氷河期のころ、自己責任という言葉がやたらと使われた時期があった。氷河期でも就職している人はいる、できない奴は自己責任だ、といった世論が蔓延していた。無職を後ろ指挿してニートだなんだと馬鹿にし、有効な就職対策を打ち出せないことへの批判逸らしに利用されたとも取れる。

しかしそれは遅効性の毒を自ら飲み干す行為にほかならなかったんじゃないかと今にして思う。

正直、就職できた私ですら恐怖と強迫観念はずっとあった。ちょっとでも踏み外せば終わる。再起できない。ここでしくじれば、もう一生職が見つからないんじゃないか。

将来に対して明るい展望など描けない、という価値観が強く根付いてしまったように思える。依って金を使うことに、しばしばプレッシャーのようなものを感じるようになった。
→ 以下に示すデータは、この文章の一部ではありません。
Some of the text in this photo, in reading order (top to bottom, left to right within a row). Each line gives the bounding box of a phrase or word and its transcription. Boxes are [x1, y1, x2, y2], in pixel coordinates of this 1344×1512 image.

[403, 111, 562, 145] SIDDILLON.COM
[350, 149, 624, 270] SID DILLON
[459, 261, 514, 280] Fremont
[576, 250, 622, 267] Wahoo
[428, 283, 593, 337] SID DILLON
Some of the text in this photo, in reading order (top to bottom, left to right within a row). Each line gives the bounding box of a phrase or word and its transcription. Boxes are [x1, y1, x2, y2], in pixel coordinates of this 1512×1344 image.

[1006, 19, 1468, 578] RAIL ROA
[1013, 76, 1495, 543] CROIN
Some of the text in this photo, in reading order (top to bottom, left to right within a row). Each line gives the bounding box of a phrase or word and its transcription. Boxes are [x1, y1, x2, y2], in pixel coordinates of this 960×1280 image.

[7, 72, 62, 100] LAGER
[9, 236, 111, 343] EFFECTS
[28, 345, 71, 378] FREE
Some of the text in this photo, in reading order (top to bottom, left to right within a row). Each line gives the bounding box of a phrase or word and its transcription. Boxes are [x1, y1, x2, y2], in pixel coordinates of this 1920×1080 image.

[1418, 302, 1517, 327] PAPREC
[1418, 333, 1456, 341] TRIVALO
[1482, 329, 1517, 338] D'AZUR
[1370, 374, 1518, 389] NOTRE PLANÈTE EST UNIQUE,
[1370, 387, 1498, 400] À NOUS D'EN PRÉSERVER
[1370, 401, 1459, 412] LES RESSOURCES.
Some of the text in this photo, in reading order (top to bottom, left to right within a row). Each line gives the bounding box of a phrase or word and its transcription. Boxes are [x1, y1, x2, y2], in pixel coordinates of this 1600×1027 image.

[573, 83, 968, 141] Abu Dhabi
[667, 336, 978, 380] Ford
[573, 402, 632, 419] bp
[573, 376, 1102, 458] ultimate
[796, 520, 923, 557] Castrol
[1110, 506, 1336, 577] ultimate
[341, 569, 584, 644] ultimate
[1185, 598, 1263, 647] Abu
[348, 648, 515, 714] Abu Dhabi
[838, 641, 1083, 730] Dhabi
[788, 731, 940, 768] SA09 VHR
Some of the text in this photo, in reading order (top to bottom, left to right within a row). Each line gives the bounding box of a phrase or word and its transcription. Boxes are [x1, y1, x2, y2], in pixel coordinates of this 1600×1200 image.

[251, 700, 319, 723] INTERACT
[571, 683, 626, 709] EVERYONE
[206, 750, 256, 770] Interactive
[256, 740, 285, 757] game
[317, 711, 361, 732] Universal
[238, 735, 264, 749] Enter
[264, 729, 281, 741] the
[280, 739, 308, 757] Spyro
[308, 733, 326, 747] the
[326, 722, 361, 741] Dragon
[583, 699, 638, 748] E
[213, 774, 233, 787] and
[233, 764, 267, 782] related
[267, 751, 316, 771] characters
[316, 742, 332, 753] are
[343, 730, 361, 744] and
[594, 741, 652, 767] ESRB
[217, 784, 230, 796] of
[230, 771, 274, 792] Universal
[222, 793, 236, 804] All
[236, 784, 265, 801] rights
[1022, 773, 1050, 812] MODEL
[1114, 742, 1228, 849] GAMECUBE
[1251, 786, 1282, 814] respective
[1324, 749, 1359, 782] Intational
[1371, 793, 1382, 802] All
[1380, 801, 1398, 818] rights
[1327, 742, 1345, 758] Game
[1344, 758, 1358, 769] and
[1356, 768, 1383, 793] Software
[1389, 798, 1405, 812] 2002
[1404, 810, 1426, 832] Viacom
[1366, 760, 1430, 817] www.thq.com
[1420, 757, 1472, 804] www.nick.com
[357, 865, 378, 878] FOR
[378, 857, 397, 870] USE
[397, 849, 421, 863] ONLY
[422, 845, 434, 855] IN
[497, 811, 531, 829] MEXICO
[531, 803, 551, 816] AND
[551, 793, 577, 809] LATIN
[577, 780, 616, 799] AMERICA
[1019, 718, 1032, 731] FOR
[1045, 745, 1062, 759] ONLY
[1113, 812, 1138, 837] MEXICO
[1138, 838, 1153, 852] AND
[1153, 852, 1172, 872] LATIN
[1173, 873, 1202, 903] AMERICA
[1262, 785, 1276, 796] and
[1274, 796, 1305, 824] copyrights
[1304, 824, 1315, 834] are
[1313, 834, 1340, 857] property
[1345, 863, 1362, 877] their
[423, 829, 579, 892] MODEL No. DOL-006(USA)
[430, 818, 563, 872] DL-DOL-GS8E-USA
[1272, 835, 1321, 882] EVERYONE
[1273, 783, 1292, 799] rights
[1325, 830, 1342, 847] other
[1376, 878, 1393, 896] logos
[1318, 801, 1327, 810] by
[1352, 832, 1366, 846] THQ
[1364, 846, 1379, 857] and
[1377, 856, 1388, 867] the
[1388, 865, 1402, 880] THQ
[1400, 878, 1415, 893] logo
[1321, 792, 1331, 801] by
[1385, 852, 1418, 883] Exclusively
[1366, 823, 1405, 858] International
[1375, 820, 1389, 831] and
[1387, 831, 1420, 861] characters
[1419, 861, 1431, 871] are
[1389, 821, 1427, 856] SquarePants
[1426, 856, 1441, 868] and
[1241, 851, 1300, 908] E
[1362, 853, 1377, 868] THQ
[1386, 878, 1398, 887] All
その価値観が消費に強くブレーキをかける。

信じられるだろうか?私が20代のころ、週に1回マクドナルドを食べることがごちそうだったが、それすらも「今週はちょっとやめておくか」と消費に対して罪悪感にも似た感情を抱いていたことを。

本来結婚子育てなどでマイホーム需要やマイカー需要をけん引し、国内消費全体を支えるはずの年代が相当数減ってやしないか。先立つものがないからなのか、将来を悲観してなのか。人それぞれ事情は違えど結果的に内需は縮小。いよいよ経済に陰りが見え始めたところで、企業は市場を海外へと求めるようになった。

観光業なんてまさにそうで、外国人頼みの観光地なんてごまんとあった。しかし某ウィルス騒動が起こり、人の移動が制限され、業種によっては外貨獲得が困難なケースが出てきた。泣きっ面に蜂とはこのことか。

※ダクソ風にいうなら「緩やかな破産への歩み、致命へと至らん」といったところだ。おっと、スズメバチの指輪をつけ忘れていたよ。

今になって就職氷河期世代の雇用を創出しようと助成金を出したりしているが、私から言わせれば20年遅かった。当時取られた対策といえば、非正規雇用の拡大によって当時の若者を贄に差し出したくらいか。

こうした歴史を今の若い人は知ってか知らずか、仕事はきついけど辞めたらなんとなくやばい、という意識はあるようだ。「本当に追い詰められてもなかなか辞められない」と言う心理的障壁の高さが、若い人たちの「キツイ」に拍車をかけていることも無関係ではなさそうだ。

今若い人の仕事が大変なことの原因の一端として、同年代の空洞化は苦々しく思う。今後もこの問題は更に形を変えて社会問題として噴出するであろうと、そう予兆めいた不気味さが拭えない。


若い人にまでしんどさが続いてて同情を禁じ得ないね。せめて少しでも気負わずに働けるような環境作りとか、おじさんにできることを粛々とやっていこうと思う。